:: Description of the task ::
Please give the entries again in full and exactly, without any picture.

:: Data for this task ::
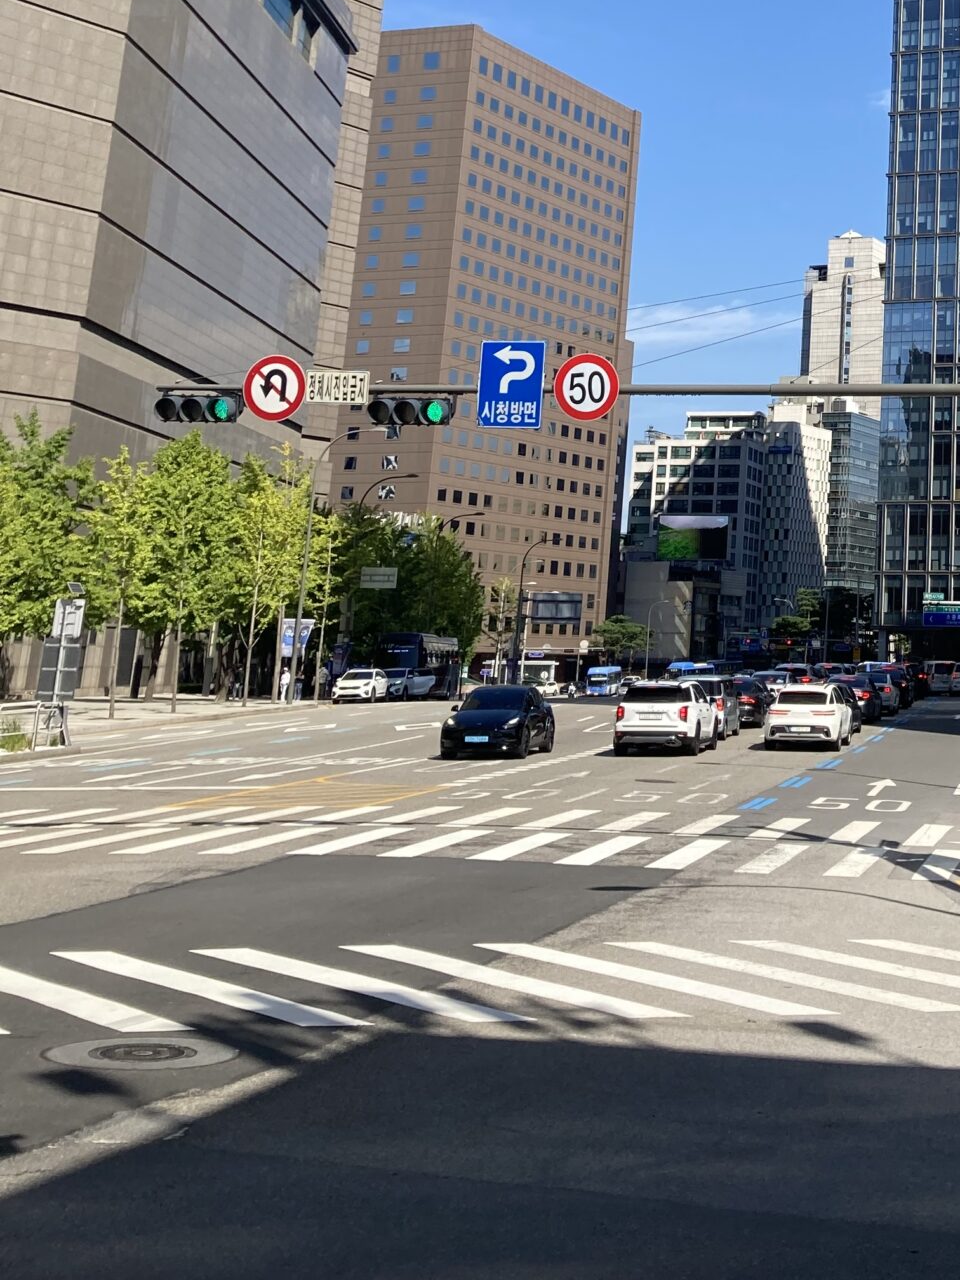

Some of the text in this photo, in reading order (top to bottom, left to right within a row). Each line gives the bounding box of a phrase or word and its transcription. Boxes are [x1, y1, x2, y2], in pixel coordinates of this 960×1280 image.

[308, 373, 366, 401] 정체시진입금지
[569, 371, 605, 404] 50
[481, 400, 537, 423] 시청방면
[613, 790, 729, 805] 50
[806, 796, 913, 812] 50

:: Response to this exercise ::
Some of the text in this photo, in reading order (top to bottom, left to right within a row). Each line gives the bounding box of a phrase or word and its transcription. Boxes are [x1, y1, x2, y2], in pixel coordinates of this 960×1280 image.

[308, 373, 366, 401] 정체시진입금지
[569, 371, 605, 404] 50
[481, 400, 537, 423] 시청방면
[613, 790, 729, 805] 50
[806, 796, 913, 812] 50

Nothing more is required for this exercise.